### REQUIREMENT
The data that follows must be transcribed in full and exactly, minus the pictures.

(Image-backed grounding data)

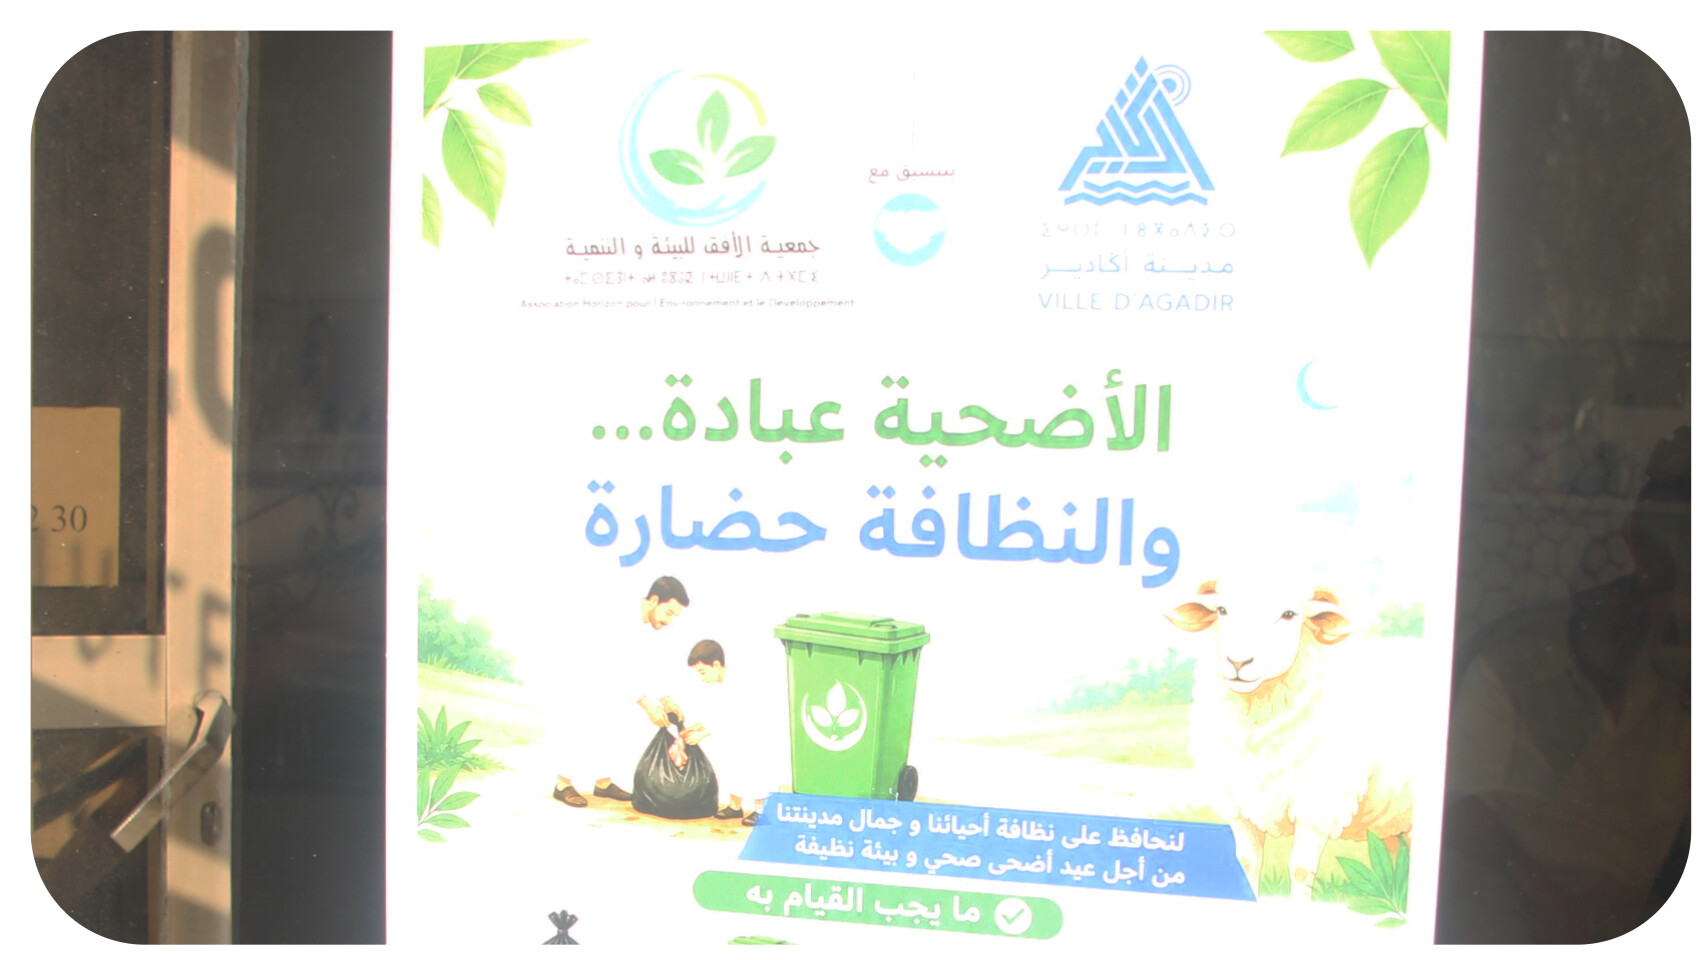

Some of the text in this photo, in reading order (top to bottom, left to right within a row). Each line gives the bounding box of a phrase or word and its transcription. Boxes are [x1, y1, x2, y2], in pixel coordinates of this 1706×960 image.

[868, 167, 889, 184] مع
[565, 230, 821, 261] جمعية الأفق للبيئة و التنمية
[1143, 251, 1234, 281] مدينة
[626, 299, 650, 310] pour
[1037, 292, 1235, 312] VILLE D'AGADIR
[873, 368, 1173, 468] الأضحية
[51, 504, 87, 533] 30
[584, 478, 1181, 589] والنظافة حضارة
[776, 802, 1185, 853] لنحافظ على نظافة أحيائنا و جمال مدينتنا
[794, 833, 1186, 886] من أجل عيد أضحى صحي و بيئة نظيفة
[746, 884, 982, 927] ما يجب القيام به
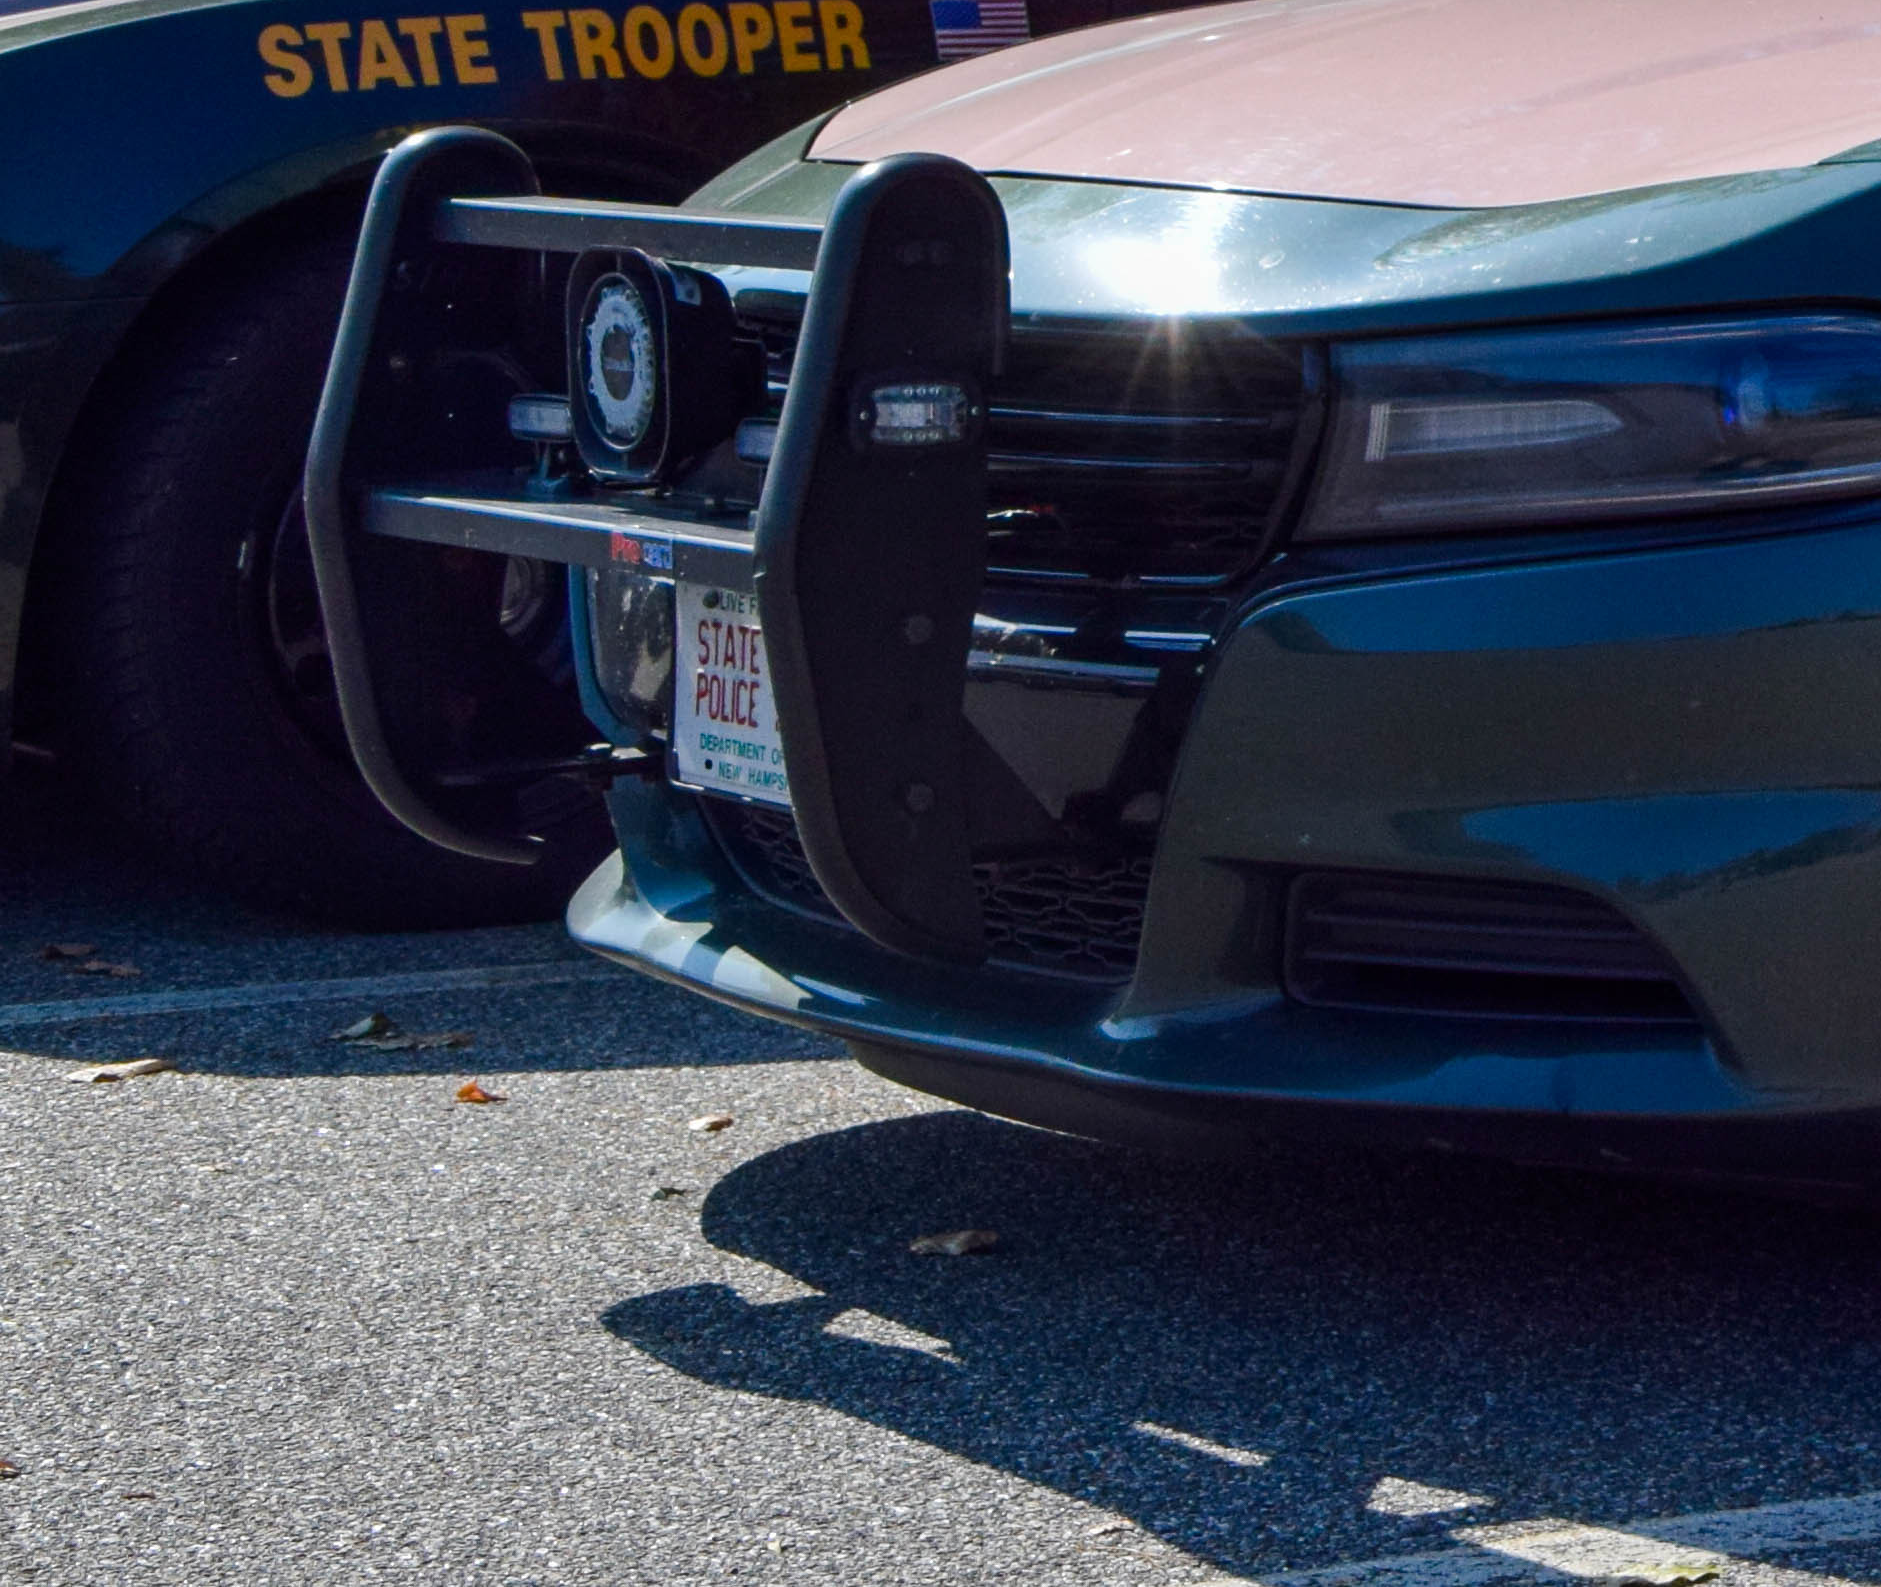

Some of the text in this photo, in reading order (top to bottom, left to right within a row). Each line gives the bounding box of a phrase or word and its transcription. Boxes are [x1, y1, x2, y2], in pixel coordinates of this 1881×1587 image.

[257, 12, 498, 98] STATE
[698, 619, 761, 674] STATE
[695, 673, 760, 728] POLICE
[699, 733, 766, 761] DEPARTMENT
[718, 761, 788, 791] NEW HAMPS

### EXERCISE OUTPUT
Some of the text in this photo, in reading order (top to bottom, left to right within a row). Each line gives the bounding box of a phrase or word and its transcription. Boxes are [x1, y1, x2, y2], in pixel coordinates of this 1706×960 image.

[868, 167, 889, 184] مع
[565, 230, 821, 261] جمعية الأفق للبيئة و التنمية
[1143, 251, 1234, 281] مدينة
[626, 299, 650, 310] pour
[1037, 292, 1235, 312] VILLE D'AGADIR
[873, 368, 1173, 468] الأضحية
[51, 504, 87, 533] 30
[584, 478, 1181, 589] والنظافة حضارة
[776, 802, 1185, 853] لنحافظ على نظافة أحيائنا و جمال مدينتنا
[794, 833, 1186, 886] من أجل عيد أضحى صحي و بيئة نظيفة
[746, 884, 982, 927] ما يجب القيام به

Some of the text in this photo, in reading order (top to bottom, left to right within a row). Each line gives the bounding box of a phrase or word and its transcription. Boxes are [x1, y1, x2, y2], in pixel coordinates of this 1881×1587 image.

[257, 12, 498, 98] STATE
[698, 619, 761, 674] STATE
[695, 673, 760, 728] POLICE
[699, 733, 766, 761] DEPARTMENT
[718, 761, 788, 791] NEW HAMPS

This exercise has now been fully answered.